The relevance of mean dose rate and energy spectrum for the different biological effectiveness of laser accelerated electrons

The new technology of laser acceleration, which promises radiotherapy accelerators of compact size and reasonable costs, results in ultra-short pulsed particle beams (in the region of 100 fs) with very high pulse dose rate (more than 1012 Gy/min). One important step before potential medical application is the radiobiological characterisation of this new radiation quality. Therefore, in vitro cell irradiations with laser accelerated electrons have been performed at the Jena Titanium:Sapphire (JETI) laser system.
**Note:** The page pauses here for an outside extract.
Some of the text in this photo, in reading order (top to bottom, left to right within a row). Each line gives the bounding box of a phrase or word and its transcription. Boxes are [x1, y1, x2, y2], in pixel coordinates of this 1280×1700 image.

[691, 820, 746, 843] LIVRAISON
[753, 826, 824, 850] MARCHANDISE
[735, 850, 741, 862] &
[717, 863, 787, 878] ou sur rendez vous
The obtained dose-effect-curves have been measured for two cell lines (tumor cell line FaDu, normal tissue cell line184A1) and biological endpoints (residual H2AX/53BP1 foci and clonogenic survival assay) revealing a reduced biological effectiveness of laser accelerated MeV electrons in comparison to continuous 200 kV X-ray reference irradiation.
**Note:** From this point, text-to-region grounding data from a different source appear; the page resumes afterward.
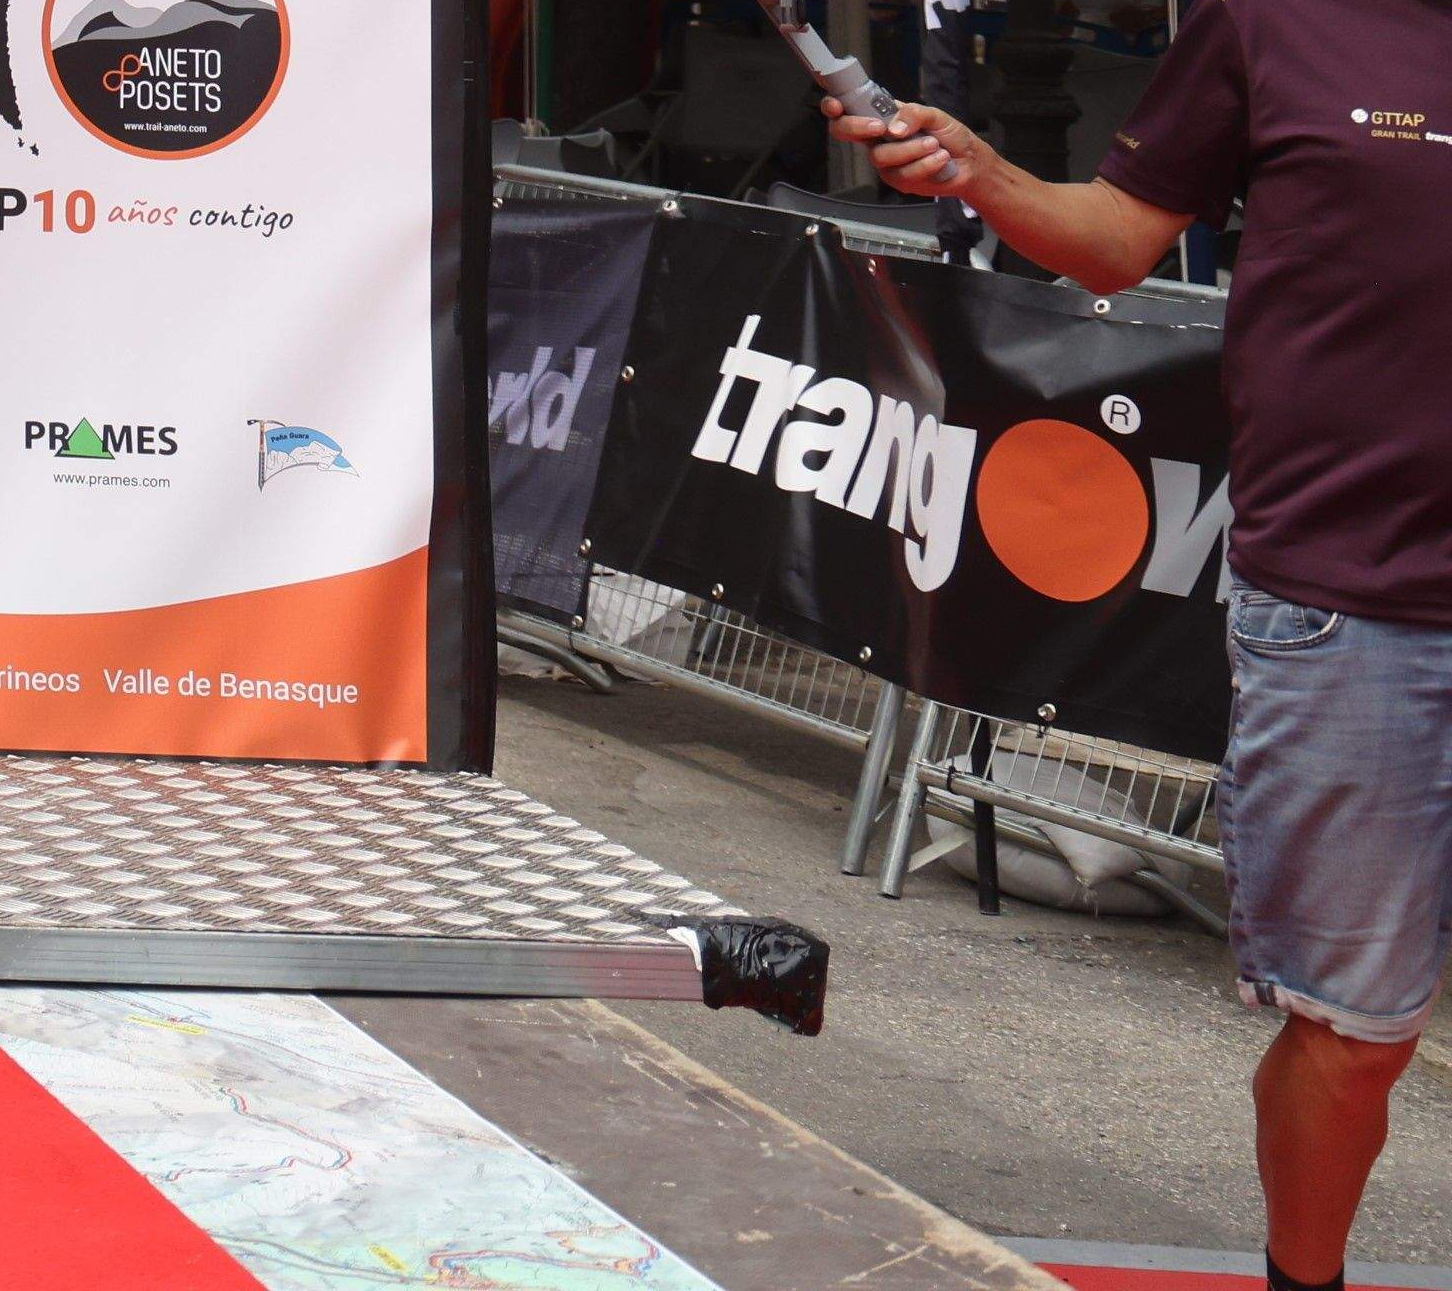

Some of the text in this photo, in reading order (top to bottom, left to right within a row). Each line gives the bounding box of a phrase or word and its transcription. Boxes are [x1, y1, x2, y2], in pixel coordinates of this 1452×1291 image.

[138, 47, 221, 79] ANETO
[119, 81, 222, 113] POSETS
[124, 122, 208, 134] www.trail-aneto.com
[1371, 111, 1425, 127] GTTAP
[1371, 129, 1395, 139] GRAN
[1398, 131, 1421, 140] TRAIL
[107, 199, 179, 228] años
[188, 201, 294, 238] contigo
[53, 473, 170, 487] www.prames.com
[103, 668, 170, 696] Valle
[178, 670, 211, 697] de
[220, 673, 358, 706] Benasque
In addition to the ultra-high pulse dose rate of the JETI electron beam this radiation quality differs also in energy spectrum and average dose rate from the 200 kV X-rays.
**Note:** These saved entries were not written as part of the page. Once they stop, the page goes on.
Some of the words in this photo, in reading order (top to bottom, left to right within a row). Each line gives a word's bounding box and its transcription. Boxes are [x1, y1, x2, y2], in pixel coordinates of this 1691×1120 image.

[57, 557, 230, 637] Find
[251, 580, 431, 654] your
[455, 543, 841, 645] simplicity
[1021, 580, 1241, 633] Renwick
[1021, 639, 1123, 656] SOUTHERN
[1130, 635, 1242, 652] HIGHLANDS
A negligible influence of the mean dose rate on biological effectiveness was confirmed by measuring the same cell response to 200 kV X-ray irradiation at 0.35 Gy/min (mean dose rate of the JETI electron beam) and at 1.4 Gy/min applied for reference irradiation. The influence of the energy spectrum was investigated by cell irradiation at a medical linear accelerator (LINAC). The two cell lines already studied at JETI have been irradiated with monoenergetic 6 MeV electrons according to the mean energy of the JETI electron beam. Clonogenic survival and residual DNA-DSB were determined for the LINAC electrons and compared to 200 kV X-rays, both radiations being similar in time-structure and mean dose rate. No difference in the number of residual H2AX/53BP1 foci after 24 h has been measured for both (quasi) continuous beams. In contrast increased clonogenic survival was found for the LINAC electrons compared to 200 kV X-rays as expected by the known increase of biological effectiveness with decreasing secondary electron energy. However, the decreased biological effectiveness is less pronounced for the LINAC electrons in comparision to the JETI laser electrons. Therefore, the remaining influence of the ultra-high pulse dose rate of JETI electrons is currently investigated.

This work has been supported by BMBF (no. 03ZIK445).